Task to complete:
Output all of the lines below exactly, and leave out each image.

Data for this task:
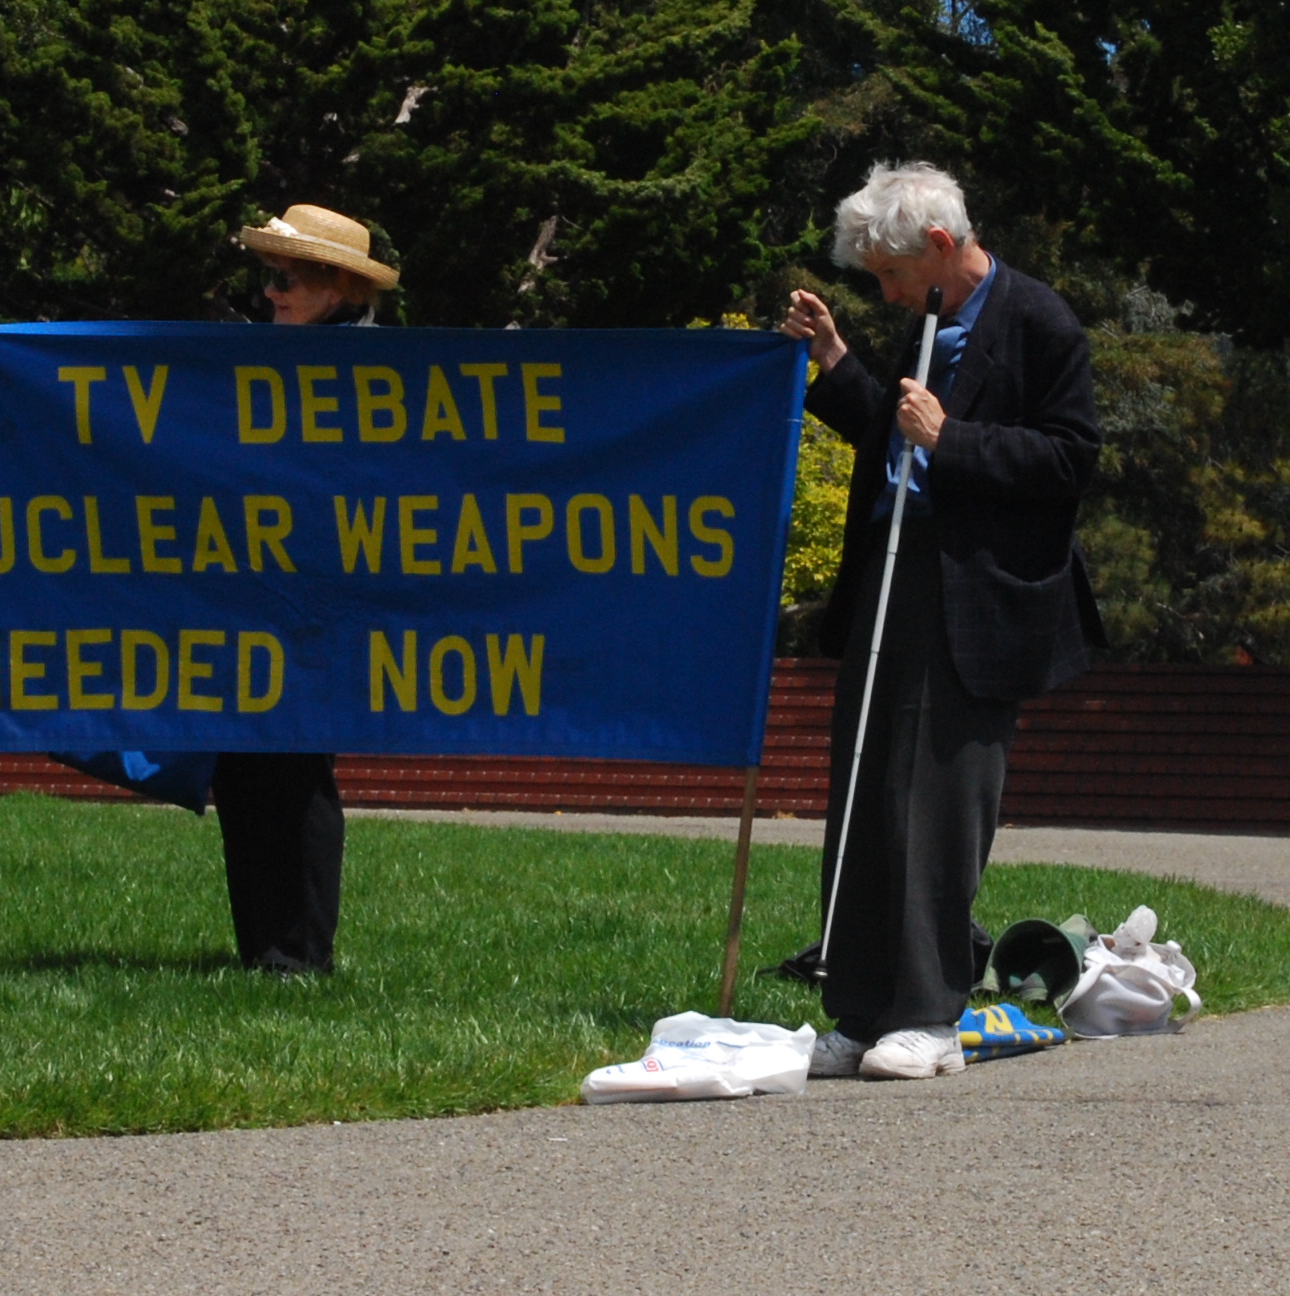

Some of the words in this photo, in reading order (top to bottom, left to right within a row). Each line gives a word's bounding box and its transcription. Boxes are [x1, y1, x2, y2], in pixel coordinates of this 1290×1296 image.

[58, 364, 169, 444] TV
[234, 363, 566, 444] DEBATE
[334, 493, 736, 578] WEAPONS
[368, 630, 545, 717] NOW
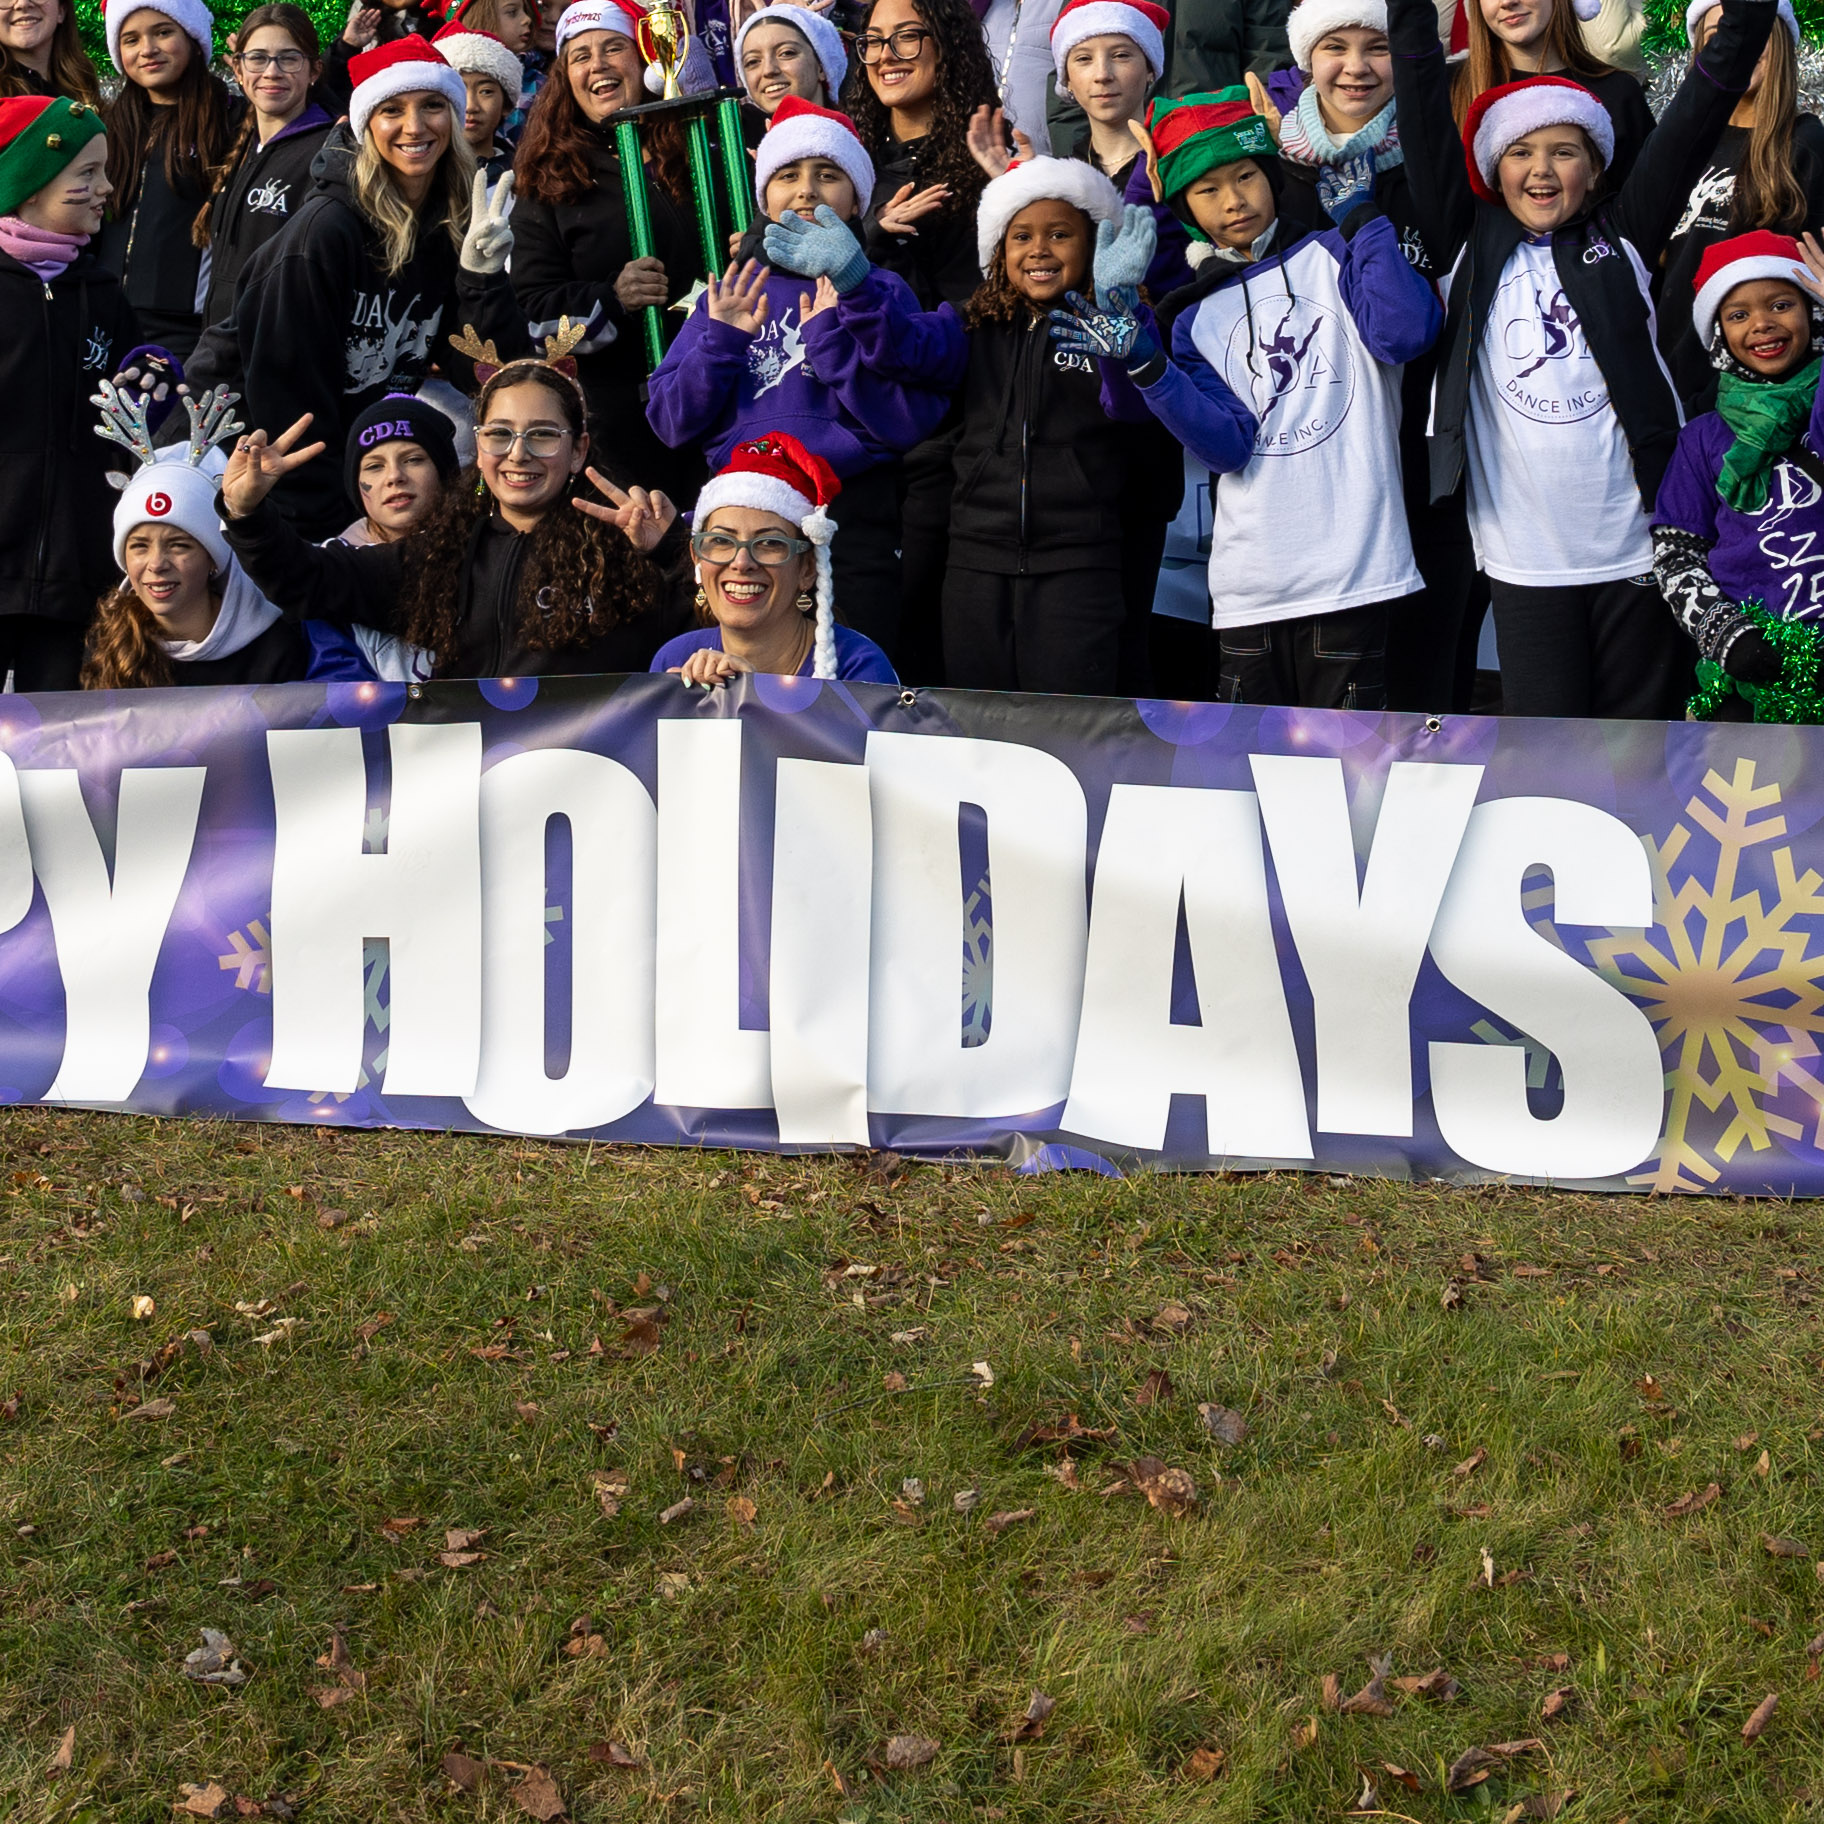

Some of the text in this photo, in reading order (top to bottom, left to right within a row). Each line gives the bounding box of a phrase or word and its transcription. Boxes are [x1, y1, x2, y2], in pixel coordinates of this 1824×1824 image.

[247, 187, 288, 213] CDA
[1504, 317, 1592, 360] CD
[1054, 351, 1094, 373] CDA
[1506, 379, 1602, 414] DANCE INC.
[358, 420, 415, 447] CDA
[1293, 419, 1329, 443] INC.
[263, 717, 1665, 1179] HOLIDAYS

Response:
Some of the words in this photo, in reading order (top to bottom, left to right within a row). Each line gives a word's bounding box and its transcription. Boxes are [x1, y1, x2, y2], in pixel coordinates of this 1290×1296 image.

[58, 364, 169, 444] TV
[234, 363, 566, 444] DEBATE
[334, 493, 736, 578] WEAPONS
[368, 630, 545, 717] NOW

Some of the text in this photo, in reading order (top to bottom, left to right within a row). Each line gives the bounding box of a phrase or word and its transcription. Boxes are [x1, y1, x2, y2], in pixel coordinates of this 1824×1824 image.

[247, 187, 288, 213] CDA
[1504, 317, 1592, 360] CD
[1054, 351, 1094, 373] CDA
[1506, 379, 1602, 414] DANCE INC.
[358, 420, 415, 447] CDA
[1293, 419, 1329, 443] INC.
[263, 717, 1665, 1179] HOLIDAYS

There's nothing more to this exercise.